Task prompt =
This exercise needs the complete data reproduced exactly.

START Supplied entries

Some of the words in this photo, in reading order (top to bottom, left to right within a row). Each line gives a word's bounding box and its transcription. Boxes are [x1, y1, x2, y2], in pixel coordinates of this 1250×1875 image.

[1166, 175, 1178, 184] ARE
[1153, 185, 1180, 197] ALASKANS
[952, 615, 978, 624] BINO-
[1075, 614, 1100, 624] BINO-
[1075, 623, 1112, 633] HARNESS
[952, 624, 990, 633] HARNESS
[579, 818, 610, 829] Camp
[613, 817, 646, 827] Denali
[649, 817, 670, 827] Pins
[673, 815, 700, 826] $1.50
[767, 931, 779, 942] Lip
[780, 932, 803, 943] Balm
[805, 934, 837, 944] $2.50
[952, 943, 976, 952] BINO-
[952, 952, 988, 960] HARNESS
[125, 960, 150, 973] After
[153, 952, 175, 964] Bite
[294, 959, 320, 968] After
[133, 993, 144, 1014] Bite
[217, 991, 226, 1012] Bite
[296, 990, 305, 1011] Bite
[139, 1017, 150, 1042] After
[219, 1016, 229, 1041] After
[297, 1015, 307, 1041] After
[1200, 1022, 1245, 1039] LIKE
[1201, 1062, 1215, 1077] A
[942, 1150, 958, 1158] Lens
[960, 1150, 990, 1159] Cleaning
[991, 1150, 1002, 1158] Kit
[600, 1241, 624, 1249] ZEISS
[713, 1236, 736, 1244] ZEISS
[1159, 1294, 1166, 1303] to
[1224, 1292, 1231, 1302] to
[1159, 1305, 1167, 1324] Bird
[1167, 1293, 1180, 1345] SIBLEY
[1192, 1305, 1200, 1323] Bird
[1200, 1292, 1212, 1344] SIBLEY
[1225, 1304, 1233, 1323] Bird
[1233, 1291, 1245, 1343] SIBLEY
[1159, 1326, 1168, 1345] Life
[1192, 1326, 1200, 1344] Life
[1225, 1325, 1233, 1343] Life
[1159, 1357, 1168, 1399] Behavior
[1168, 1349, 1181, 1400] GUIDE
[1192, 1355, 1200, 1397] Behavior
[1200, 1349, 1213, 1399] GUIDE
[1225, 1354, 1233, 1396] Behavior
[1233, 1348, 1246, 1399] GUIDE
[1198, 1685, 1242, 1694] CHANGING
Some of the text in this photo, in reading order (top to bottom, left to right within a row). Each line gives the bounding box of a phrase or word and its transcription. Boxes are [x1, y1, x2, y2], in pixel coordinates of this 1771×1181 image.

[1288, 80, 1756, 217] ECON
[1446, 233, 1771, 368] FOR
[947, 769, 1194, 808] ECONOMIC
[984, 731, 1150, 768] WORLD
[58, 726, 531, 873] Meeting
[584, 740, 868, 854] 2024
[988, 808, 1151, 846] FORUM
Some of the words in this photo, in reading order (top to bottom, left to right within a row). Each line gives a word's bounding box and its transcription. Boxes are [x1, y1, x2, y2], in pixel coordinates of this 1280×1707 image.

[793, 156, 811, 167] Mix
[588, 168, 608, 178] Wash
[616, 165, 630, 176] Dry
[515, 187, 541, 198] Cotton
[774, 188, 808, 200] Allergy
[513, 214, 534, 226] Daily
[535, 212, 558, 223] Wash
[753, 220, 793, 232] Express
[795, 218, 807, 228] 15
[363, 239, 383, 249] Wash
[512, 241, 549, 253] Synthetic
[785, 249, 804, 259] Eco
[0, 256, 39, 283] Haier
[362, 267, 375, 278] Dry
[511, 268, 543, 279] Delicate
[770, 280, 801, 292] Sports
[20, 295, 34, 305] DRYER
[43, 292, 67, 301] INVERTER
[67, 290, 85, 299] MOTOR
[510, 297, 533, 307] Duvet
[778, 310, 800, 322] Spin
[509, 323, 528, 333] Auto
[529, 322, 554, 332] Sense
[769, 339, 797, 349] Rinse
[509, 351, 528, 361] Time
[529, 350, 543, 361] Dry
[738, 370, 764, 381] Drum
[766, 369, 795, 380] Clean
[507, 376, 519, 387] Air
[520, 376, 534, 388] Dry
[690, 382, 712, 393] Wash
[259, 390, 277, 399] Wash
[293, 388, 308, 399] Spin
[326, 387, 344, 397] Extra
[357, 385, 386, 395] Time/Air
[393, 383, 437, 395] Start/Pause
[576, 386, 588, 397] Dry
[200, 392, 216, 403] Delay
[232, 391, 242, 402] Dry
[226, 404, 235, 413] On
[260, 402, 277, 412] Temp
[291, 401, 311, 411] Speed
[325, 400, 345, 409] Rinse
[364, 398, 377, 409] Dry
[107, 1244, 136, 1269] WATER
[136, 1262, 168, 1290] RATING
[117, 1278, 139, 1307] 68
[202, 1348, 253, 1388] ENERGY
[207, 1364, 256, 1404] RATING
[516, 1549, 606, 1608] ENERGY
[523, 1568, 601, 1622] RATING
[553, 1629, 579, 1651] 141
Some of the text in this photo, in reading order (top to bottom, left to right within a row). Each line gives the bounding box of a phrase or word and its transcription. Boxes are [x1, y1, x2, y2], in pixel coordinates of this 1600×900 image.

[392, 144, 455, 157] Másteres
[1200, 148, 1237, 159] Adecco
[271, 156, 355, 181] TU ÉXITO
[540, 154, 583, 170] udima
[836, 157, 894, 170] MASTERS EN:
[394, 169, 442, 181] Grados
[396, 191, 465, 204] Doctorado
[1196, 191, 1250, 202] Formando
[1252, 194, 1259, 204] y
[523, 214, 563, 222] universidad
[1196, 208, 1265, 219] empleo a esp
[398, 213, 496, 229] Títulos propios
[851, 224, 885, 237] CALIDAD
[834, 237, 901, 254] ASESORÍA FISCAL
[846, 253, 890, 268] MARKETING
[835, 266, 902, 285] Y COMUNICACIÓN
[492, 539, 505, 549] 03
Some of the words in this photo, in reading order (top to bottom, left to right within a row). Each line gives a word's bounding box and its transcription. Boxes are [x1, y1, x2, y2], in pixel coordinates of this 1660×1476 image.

END Supplied entries

Exercise result =
Some of the words in this photo, in reading order (top to bottom, left to right within a row). Each line gives a word's bounding box and its transcription. Boxes are [x1, y1, x2, y2], in pixel coordinates of this 1250×1875 image.

[1166, 175, 1178, 184] ARE
[1153, 185, 1180, 197] ALASKANS
[952, 615, 978, 624] BINO-
[1075, 614, 1100, 624] BINO-
[1075, 623, 1112, 633] HARNESS
[952, 624, 990, 633] HARNESS
[579, 818, 610, 829] Camp
[613, 817, 646, 827] Denali
[649, 817, 670, 827] Pins
[673, 815, 700, 826] $1.50
[767, 931, 779, 942] Lip
[780, 932, 803, 943] Balm
[805, 934, 837, 944] $2.50
[952, 943, 976, 952] BINO-
[952, 952, 988, 960] HARNESS
[125, 960, 150, 973] After
[153, 952, 175, 964] Bite
[294, 959, 320, 968] After
[133, 993, 144, 1014] Bite
[217, 991, 226, 1012] Bite
[296, 990, 305, 1011] Bite
[139, 1017, 150, 1042] After
[219, 1016, 229, 1041] After
[297, 1015, 307, 1041] After
[1200, 1022, 1245, 1039] LIKE
[1201, 1062, 1215, 1077] A
[942, 1150, 958, 1158] Lens
[960, 1150, 990, 1159] Cleaning
[991, 1150, 1002, 1158] Kit
[600, 1241, 624, 1249] ZEISS
[713, 1236, 736, 1244] ZEISS
[1159, 1294, 1166, 1303] to
[1224, 1292, 1231, 1302] to
[1159, 1305, 1167, 1324] Bird
[1167, 1293, 1180, 1345] SIBLEY
[1192, 1305, 1200, 1323] Bird
[1200, 1292, 1212, 1344] SIBLEY
[1225, 1304, 1233, 1323] Bird
[1233, 1291, 1245, 1343] SIBLEY
[1159, 1326, 1168, 1345] Life
[1192, 1326, 1200, 1344] Life
[1225, 1325, 1233, 1343] Life
[1159, 1357, 1168, 1399] Behavior
[1168, 1349, 1181, 1400] GUIDE
[1192, 1355, 1200, 1397] Behavior
[1200, 1349, 1213, 1399] GUIDE
[1225, 1354, 1233, 1396] Behavior
[1233, 1348, 1246, 1399] GUIDE
[1198, 1685, 1242, 1694] CHANGING
Some of the text in this photo, in reading order (top to bottom, left to right within a row). Each line gives the bounding box of a phrase or word and its transcription. Boxes are [x1, y1, x2, y2], in pixel coordinates of this 1771×1181 image.

[1288, 80, 1756, 217] ECON
[1446, 233, 1771, 368] FOR
[947, 769, 1194, 808] ECONOMIC
[984, 731, 1150, 768] WORLD
[58, 726, 531, 873] Meeting
[584, 740, 868, 854] 2024
[988, 808, 1151, 846] FORUM
Some of the words in this photo, in reading order (top to bottom, left to right within a row). Each line gives a word's bounding box and its transcription. Boxes are [x1, y1, x2, y2], in pixel coordinates of this 1280×1707 image.

[793, 156, 811, 167] Mix
[588, 168, 608, 178] Wash
[616, 165, 630, 176] Dry
[515, 187, 541, 198] Cotton
[774, 188, 808, 200] Allergy
[513, 214, 534, 226] Daily
[535, 212, 558, 223] Wash
[753, 220, 793, 232] Express
[795, 218, 807, 228] 15
[363, 239, 383, 249] Wash
[512, 241, 549, 253] Synthetic
[785, 249, 804, 259] Eco
[0, 256, 39, 283] Haier
[362, 267, 375, 278] Dry
[511, 268, 543, 279] Delicate
[770, 280, 801, 292] Sports
[20, 295, 34, 305] DRYER
[43, 292, 67, 301] INVERTER
[67, 290, 85, 299] MOTOR
[510, 297, 533, 307] Duvet
[778, 310, 800, 322] Spin
[509, 323, 528, 333] Auto
[529, 322, 554, 332] Sense
[769, 339, 797, 349] Rinse
[509, 351, 528, 361] Time
[529, 350, 543, 361] Dry
[738, 370, 764, 381] Drum
[766, 369, 795, 380] Clean
[507, 376, 519, 387] Air
[520, 376, 534, 388] Dry
[690, 382, 712, 393] Wash
[259, 390, 277, 399] Wash
[293, 388, 308, 399] Spin
[326, 387, 344, 397] Extra
[357, 385, 386, 395] Time/Air
[393, 383, 437, 395] Start/Pause
[576, 386, 588, 397] Dry
[200, 392, 216, 403] Delay
[232, 391, 242, 402] Dry
[226, 404, 235, 413] On
[260, 402, 277, 412] Temp
[291, 401, 311, 411] Speed
[325, 400, 345, 409] Rinse
[364, 398, 377, 409] Dry
[107, 1244, 136, 1269] WATER
[136, 1262, 168, 1290] RATING
[117, 1278, 139, 1307] 68
[202, 1348, 253, 1388] ENERGY
[207, 1364, 256, 1404] RATING
[516, 1549, 606, 1608] ENERGY
[523, 1568, 601, 1622] RATING
[553, 1629, 579, 1651] 141
Some of the text in this photo, in reading order (top to bottom, left to right within a row). Each line gives the bounding box of a phrase or word and its transcription. Boxes are [x1, y1, x2, y2], in pixel coordinates of this 1600×900 image.

[392, 144, 455, 157] Másteres
[1200, 148, 1237, 159] Adecco
[271, 156, 355, 181] TU ÉXITO
[540, 154, 583, 170] udima
[836, 157, 894, 170] MASTERS EN:
[394, 169, 442, 181] Grados
[396, 191, 465, 204] Doctorado
[1196, 191, 1250, 202] Formando
[1252, 194, 1259, 204] y
[523, 214, 563, 222] universidad
[1196, 208, 1265, 219] empleo a esp
[398, 213, 496, 229] Títulos propios
[851, 224, 885, 237] CALIDAD
[834, 237, 901, 254] ASESORÍA FISCAL
[846, 253, 890, 268] MARKETING
[835, 266, 902, 285] Y COMUNICACIÓN
[492, 539, 505, 549] 03
Some of the words in this photo, in reading order (top to bottom, left to right within a row). Each line gives a word's bounding box and its transcription. Boxes are [x1, y1, x2, y2], in pixel coordinates of this 1660×1476 image.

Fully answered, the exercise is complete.